Despite concerns that Android is susceptible to some scary security issues, Google argues its mobile operating system has never been better.
The company on Tuesday released its Android Security 2015 Annual Report, which shows that as long as users were downloading apps from the company’s Google Play marketplace, they were unlikely to have faced much trouble. In fact, Google’s (GOOGL) report shows that “potentially harmful apps,” or PHAs, “were installed on fewer than 0.15% of devices that only get apps from Google Play.”
Google broke down its findings by the potentially harmful application. The company said that installs of apps that collected data were down more than 40% to 0.08% of all Google Play downloads. Spyware app installs decreased by 60% to 0.02% of installs, and “hostile downloaders,” which download malicious apps on a user’s device without their permission, were down 50% to 0.01% of installs.

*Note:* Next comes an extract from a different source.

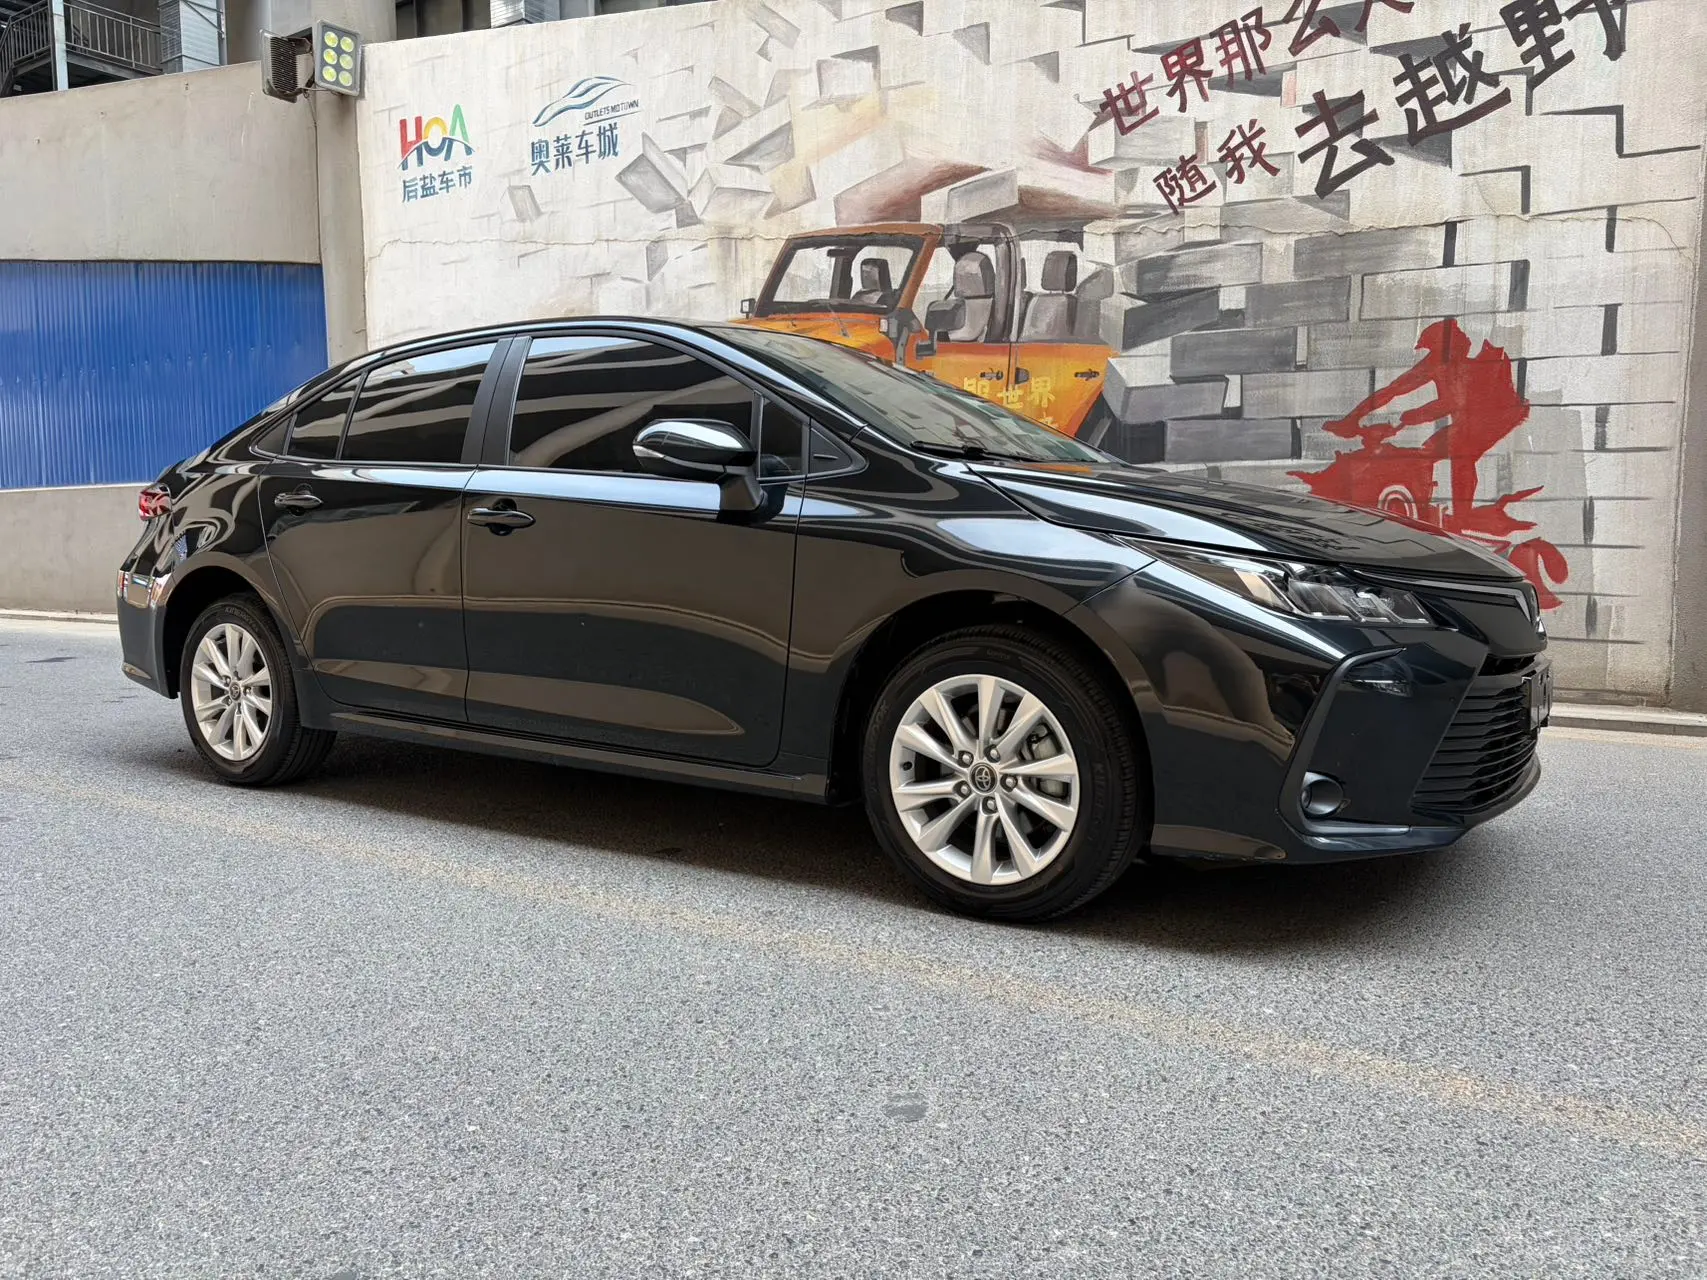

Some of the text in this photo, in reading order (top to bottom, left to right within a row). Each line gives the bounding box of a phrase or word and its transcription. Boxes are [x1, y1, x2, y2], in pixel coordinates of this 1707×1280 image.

[1100, 0, 1414, 136] 世界那么
[531, 122, 619, 176] 奥莱车城
[402, 165, 473, 203] 后盐车市

“We protected users from malware and other PHAs, checking over 6 billion installed applications per day,” Android Security lead engineer Adrian Ludwig said in a statement. “We protected users from network-based and on-device threats by scanning 400 million devices per day. And we protected hundreds of millions of Chrome users on Android from unsafe websites with Safe Browsing.”
Get Data Sheet, Fortune’s technology newsletter.

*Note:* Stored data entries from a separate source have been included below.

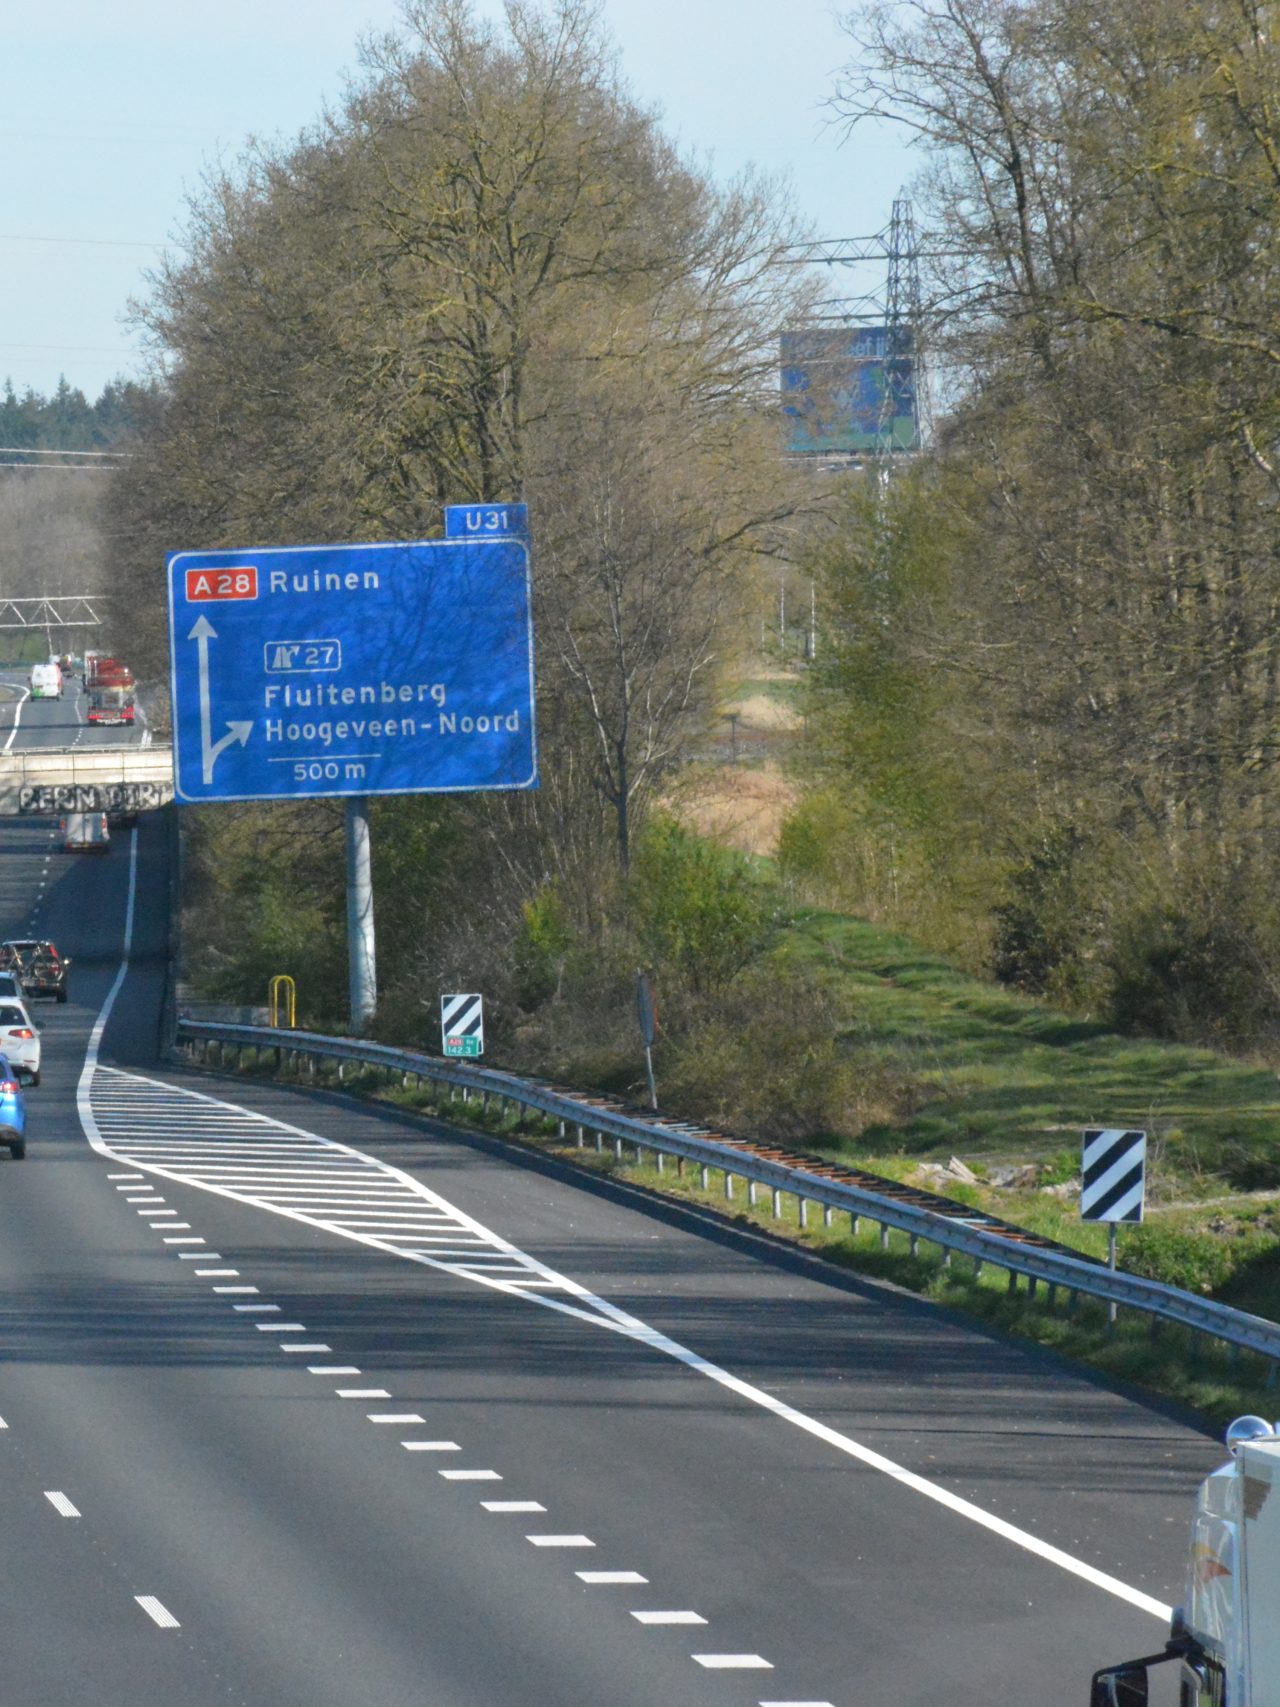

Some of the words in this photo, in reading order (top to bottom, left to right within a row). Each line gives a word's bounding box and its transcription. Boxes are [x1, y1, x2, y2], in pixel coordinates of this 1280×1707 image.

[466, 511, 508, 531] U31
[193, 573, 251, 596] A28
[270, 570, 380, 594] Ruinen
[305, 647, 335, 665] 27
[265, 682, 446, 709] Fluitenberg
[266, 710, 520, 746] Hoogeveen-Noord
[293, 764, 339, 781] 500
[345, 764, 366, 779] m

Google’s report comes as users again question how safe their Android devices are in light of a report last month that found a new hack affecting Android devices.
Israel-based security firm NorthBit reported that it had discovered a vulnerability that allows a hacker to exploit the Android code library known as “Stagefright” that processes several media formats. While the issue was discovered last year, NorthBit claims it could affect as many as 275 million Android devices.

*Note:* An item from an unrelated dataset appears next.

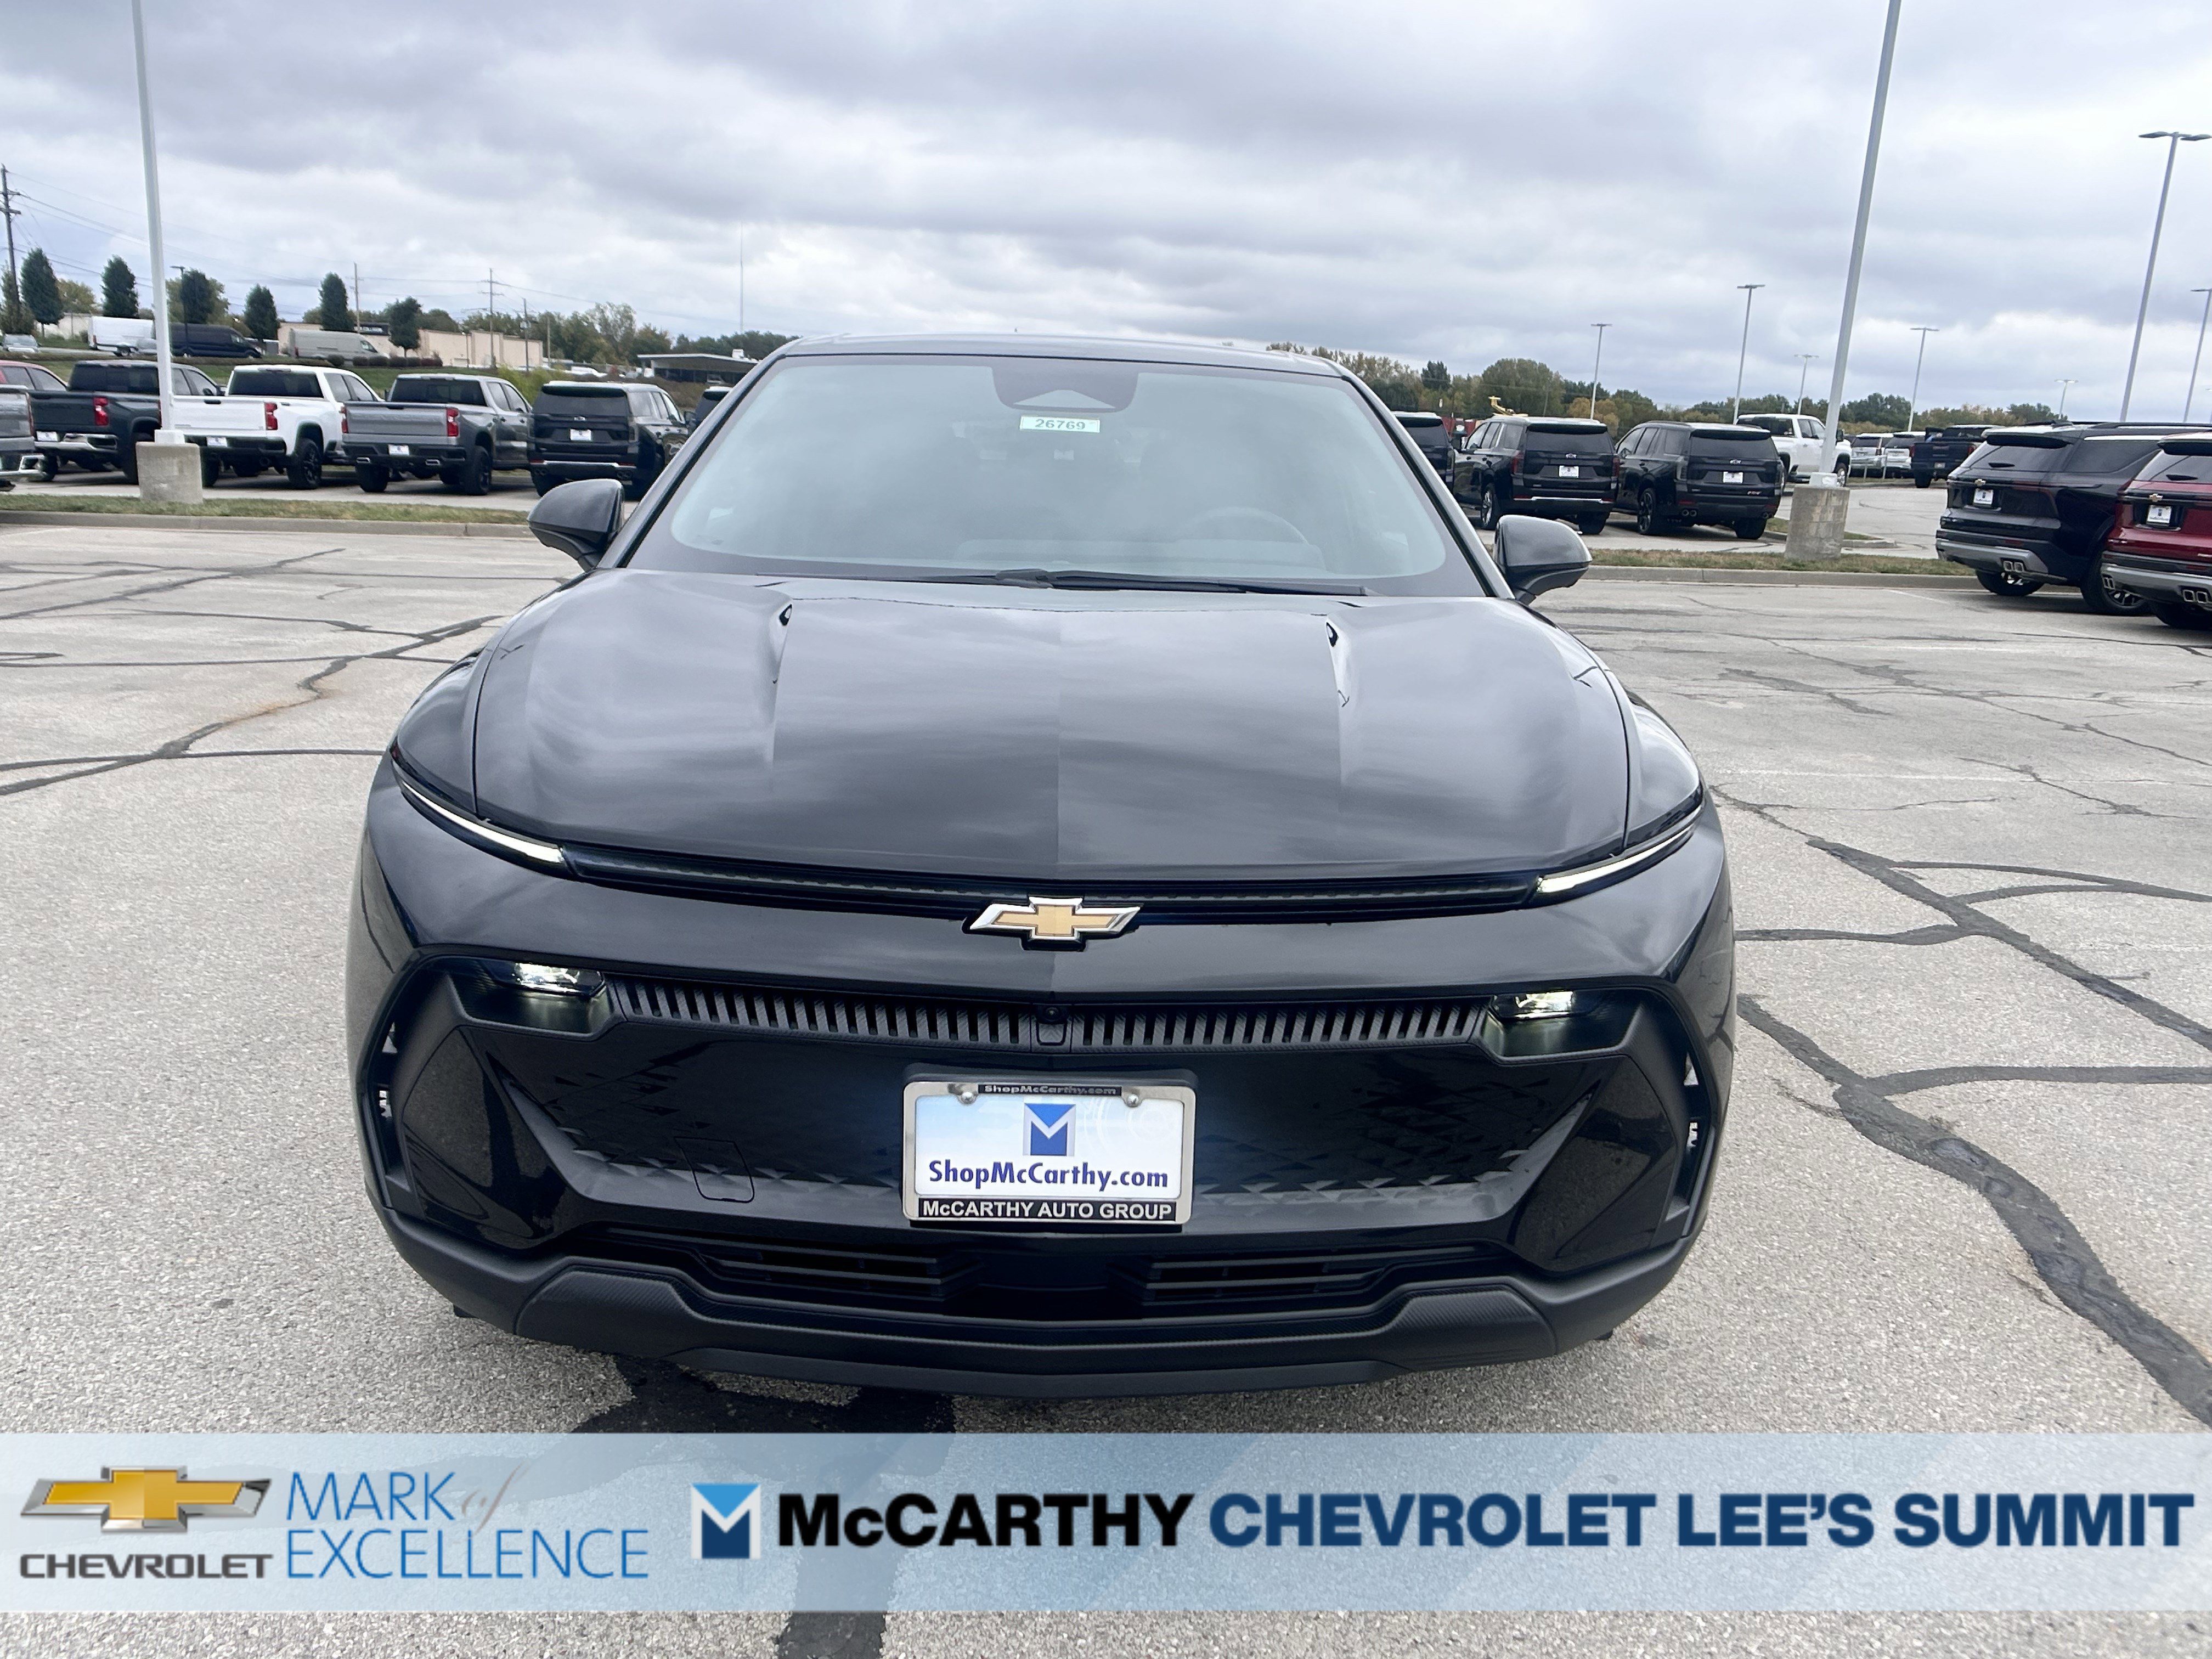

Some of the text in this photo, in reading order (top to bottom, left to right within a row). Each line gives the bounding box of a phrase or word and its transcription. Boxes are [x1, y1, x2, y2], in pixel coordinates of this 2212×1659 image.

[1035, 419, 1086, 430] 26769
[984, 1085, 1117, 1095] ShopMcCarthy.com
[929, 1159, 1168, 1192] ShopMcCarthy.com
[923, 1200, 1172, 1220] McCARTHY AUTO GROUP

The report followed last year’s Stagefright trouble, where hackers could exploit a bug in Android by sending users a malicious MMS message. Soon after, the Android phone could be accessed to comb through a user’s data, photos, camera, and other data. What’s worse, users wouldn’t even know their handset had been compromised.
While Google fixed the bug—as well as the one NorthBit announced earlier this year—getting updates to users has always been difficult. Google first needs to release the patch to vendors, which may or may not pass it on to their customers. The updates then must travel over carrier networks until they’re finally delivered to a device. In some cases, those updates never make their way to affected handsets, through no fault of Google’s own.
For more on Google’s Android security, watch:
There’s also the issue of where a user downloads apps from. While Google operates its own Google Play marketplace, Android users can get apps from any number of third-party application stores. In many cases, those stores feature content Google doesn’t allow, or hasn’t yet allowed, into its store. And in some cases, they contain apps filled with malware.
Indeed, while Google noted that fewer than 0.15% of the Android devices running worldwide were affected by apps downloaded from Google Play, that figure soared to 0.5% of devices with apps from both Google Play and “other sources.” And the threats don’t appear to be getting better.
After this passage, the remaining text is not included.